You can also repeat the execution of tasks, meaning executing multiple R scripts or
passing different command line arguments to the same R script.

The following task executes two R scripts, `script_1.r` and `script_2.r`, which produce
different outputs.

```python
for i in range(2):

    @pytask.mark.task
    @pytask.mark.r(script=f"script_{i}.r")
    @pytask.mark.produces(f"out_{i}.csv")
    def task_execute_r_script():
        pass
```

If you want to pass different inputs to the same R script, pass these arguments with the
`kwargs` keyword of the `@pytask.mark.task` decorator.

```python
for i in range(2):

    @pytask.mark.task(kwargs={"i": i})
    @pytask.mark.r(script="script.r")
    @pytask.mark.produces(f"output_{i}.csv")
    def task_execute_r_script():
        pass
```

and inside the task access the argument `i` with

```r
library(jsonlite)

args <- commandArgs(trailingOnly=TRUE)

path_to_json <- args[length(args)]

config <- read_json(path_to_json)

config$produces  # Is the path to the output file "../output_{i}.csv".

config$i  # Is the number.
```

### Serializers

You can also serialize your data with any other tool you like. By default, pytask-r also
supports YAML (if PyYaml is installed).

Use the `serializer` keyword arguments of the `@pytask.mark.r` decorator with

```python
@pytask.mark.r(script="script.r", serializer="yaml")
def task_example():
    ...
```

And in your R script use

```r
library(yaml)
args <- commandArgs(trailingOnly=TRUE)
config <- read_yaml(args[length(args)])
```

Note that the `YAML` package needs to be installed.

If you need a custom serializer, you can also provide any callable to `serializer` which
transforms data to a string. Use `suffix` to set the correct file ending.

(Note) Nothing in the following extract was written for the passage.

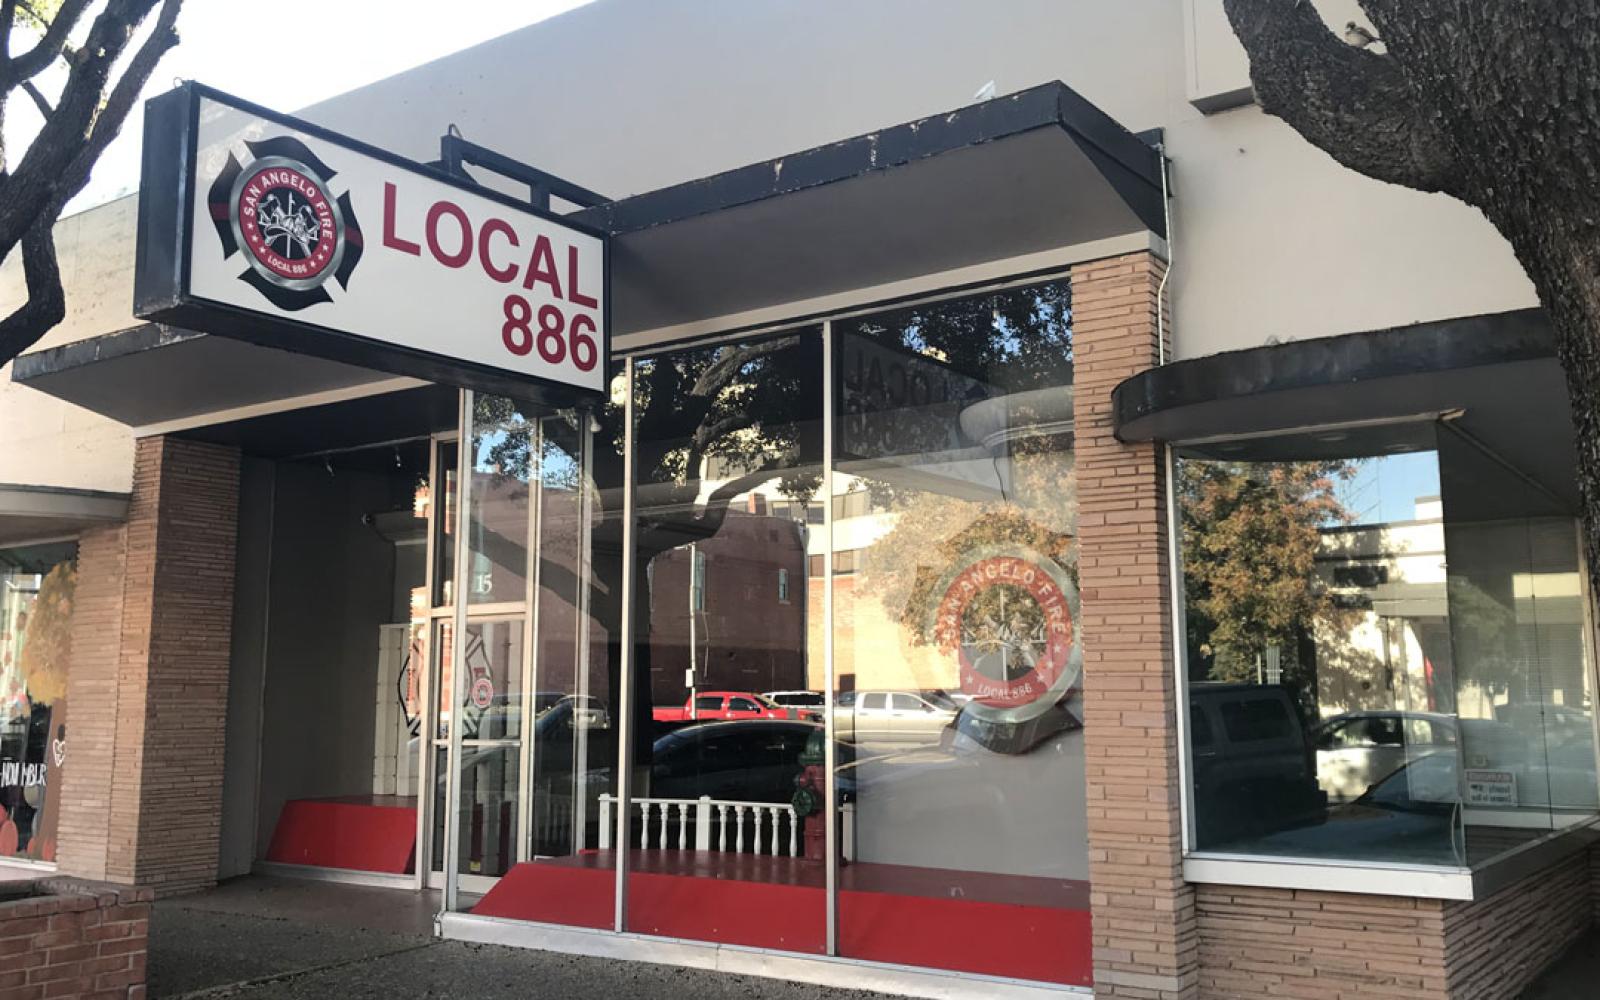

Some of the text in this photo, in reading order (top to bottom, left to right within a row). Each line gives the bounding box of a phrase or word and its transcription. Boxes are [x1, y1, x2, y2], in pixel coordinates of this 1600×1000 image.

Here is a replication of the JSON example.

```python
import json


@pytask.mark.r(script="script.r", serializer=json.dumps, suffix=".json")
def task_example():
    ...
```

### Configuration

You can influence the default behavior of pytask-r with some configuration values.

**`r_serializer`**

Use this option to change the default serializer.

```toml
[tool.pytask.ini_options]
r_serializer = "json"
```

**`r_suffix`**

Use this option to set the default suffix of the file which contains serialized paths to
dependencies and products and more.

```toml
[tool.pytask.ini_options]
r_suffix = ".json"
```

**`r_options`**

Use this option to set default options for each task which are separated by whitespace.

```toml
[tool.pytask.ini_options]
r_options = ["--vanilla"]
```

## Changes

Consult the [release notes](CHANGES.md) to find out about what is new.